======== Provided entries

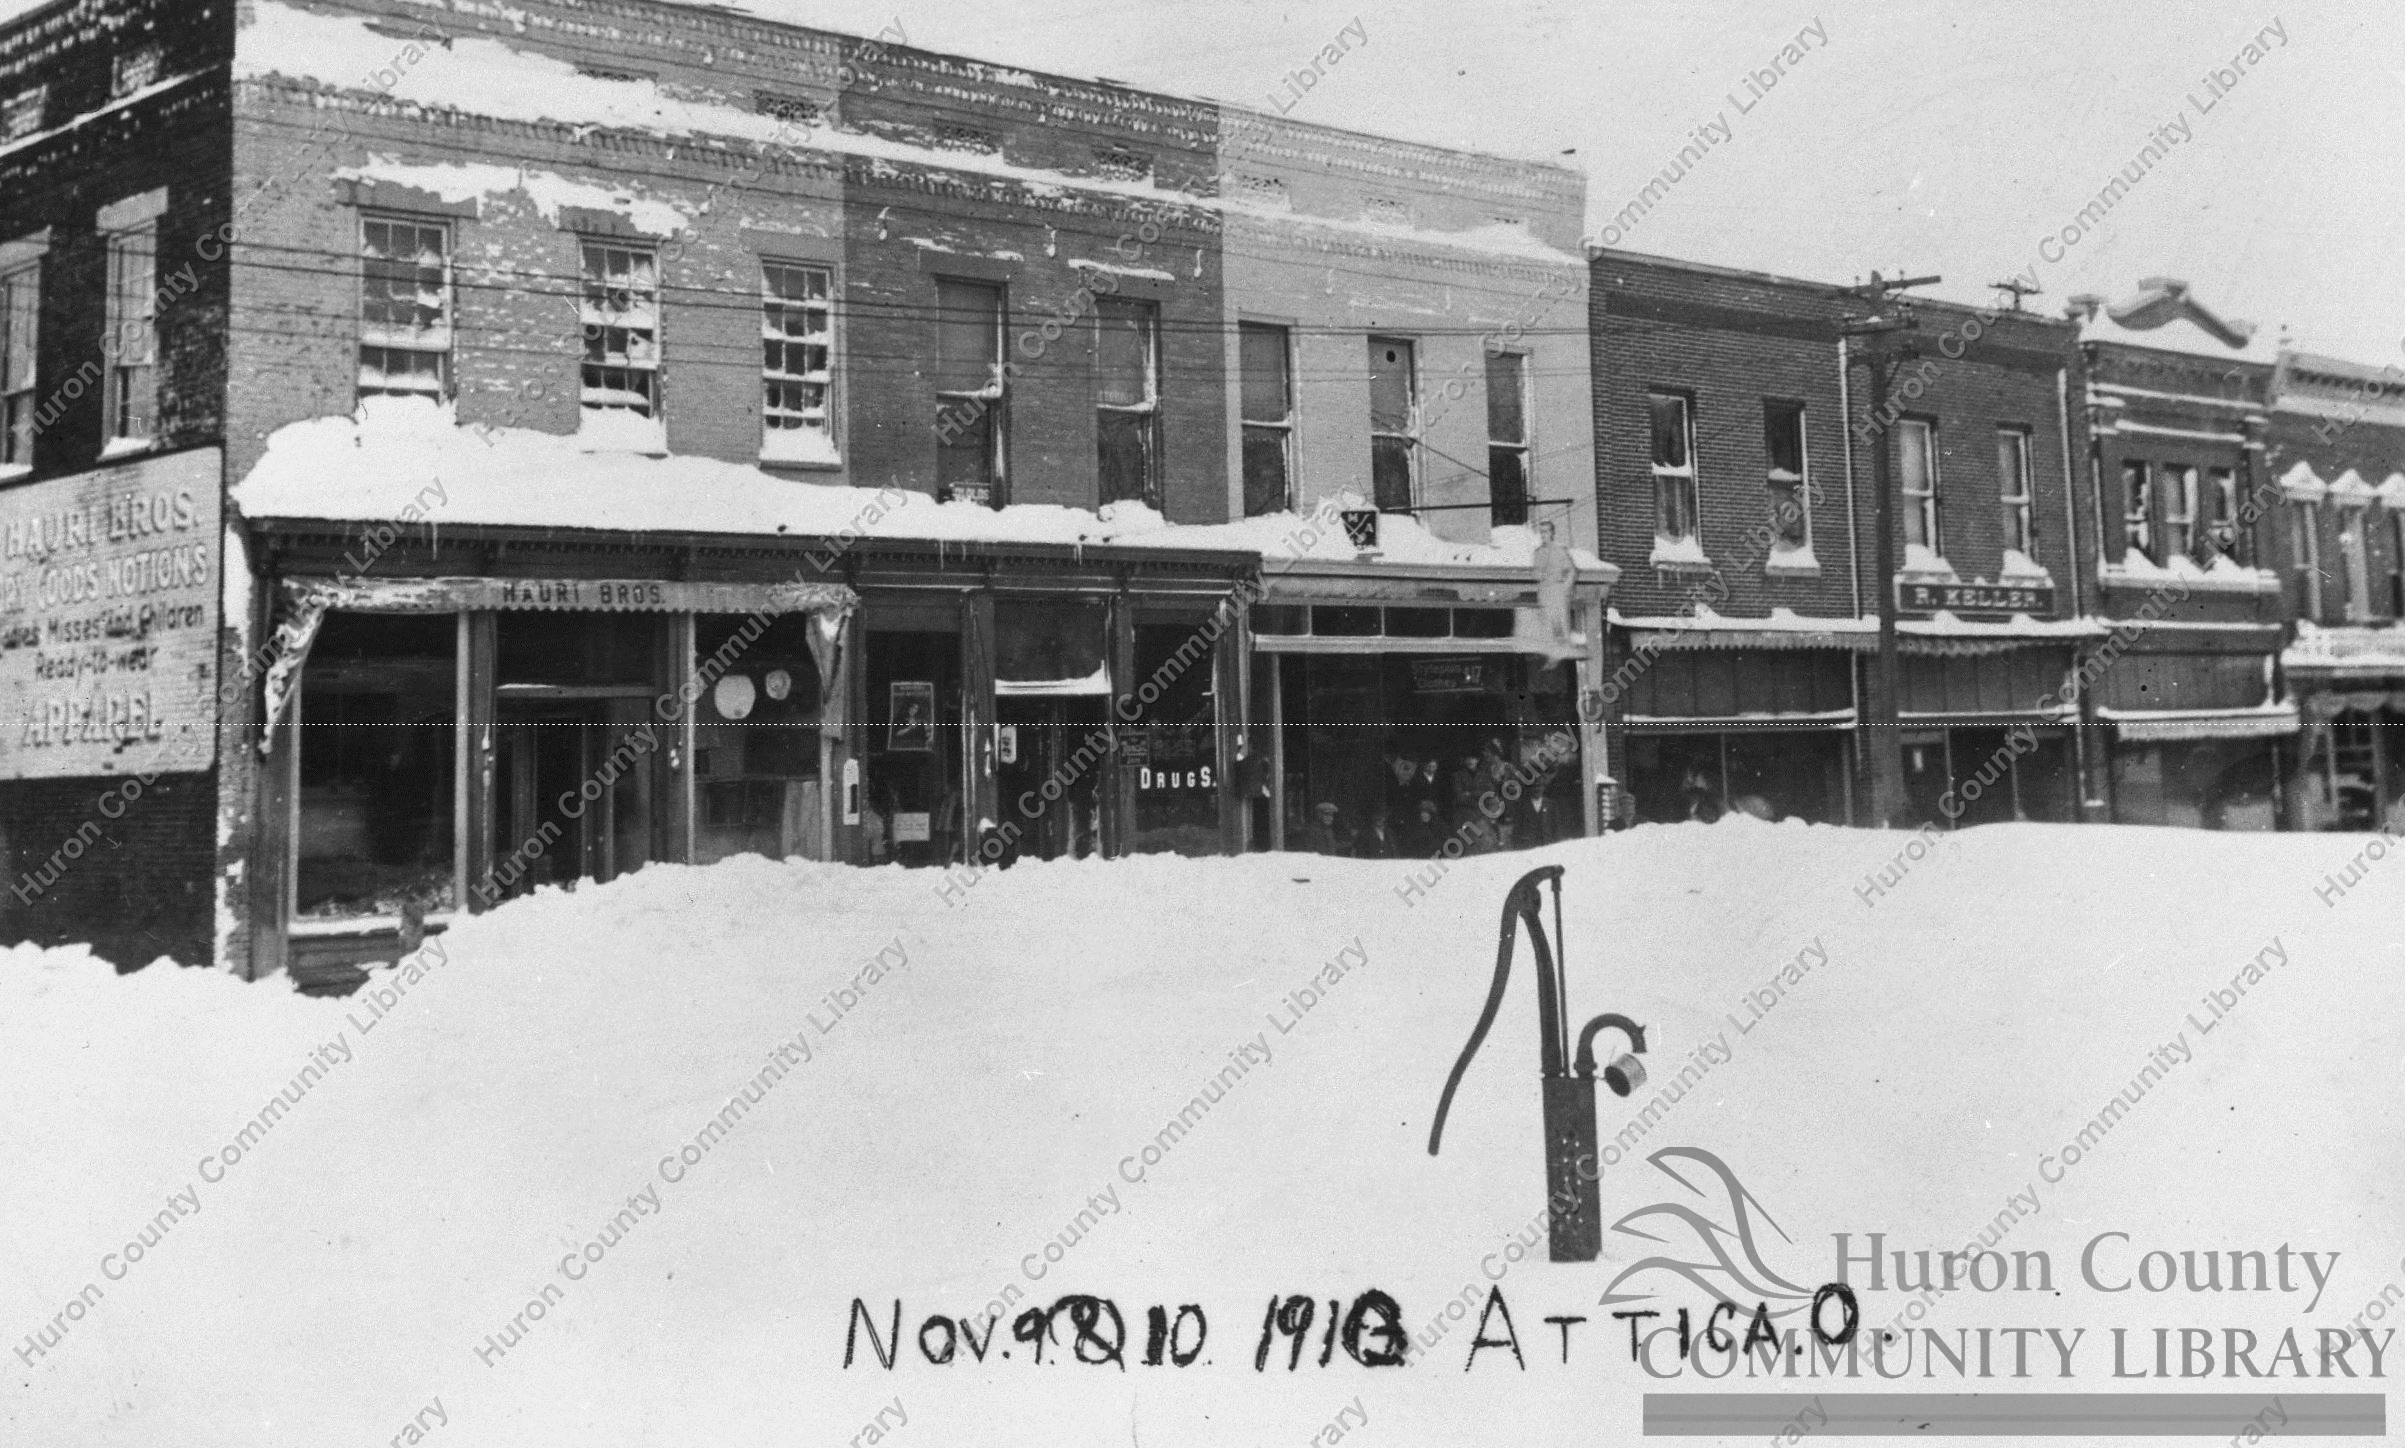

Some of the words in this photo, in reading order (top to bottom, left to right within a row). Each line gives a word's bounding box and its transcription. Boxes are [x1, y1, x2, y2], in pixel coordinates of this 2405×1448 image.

[106, 543, 207, 598] NOTIONS
[503, 582, 580, 604] HAURI
[600, 584, 667, 606] BROS.
[843, 1297, 1011, 1371] Nov.

================

What the task requires ->
With the images removed, write out all of the material above exactly.

Answer to this exercise ->
Some of the words in this photo, in reading order (top to bottom, left to right within a row). Each line gives a word's bounding box and its transcription. Boxes are [x1, y1, x2, y2], in pixel coordinates of this 2405×1448 image.

[106, 543, 207, 598] NOTIONS
[503, 582, 580, 604] HAURI
[600, 584, 667, 606] BROS.
[843, 1297, 1011, 1371] Nov.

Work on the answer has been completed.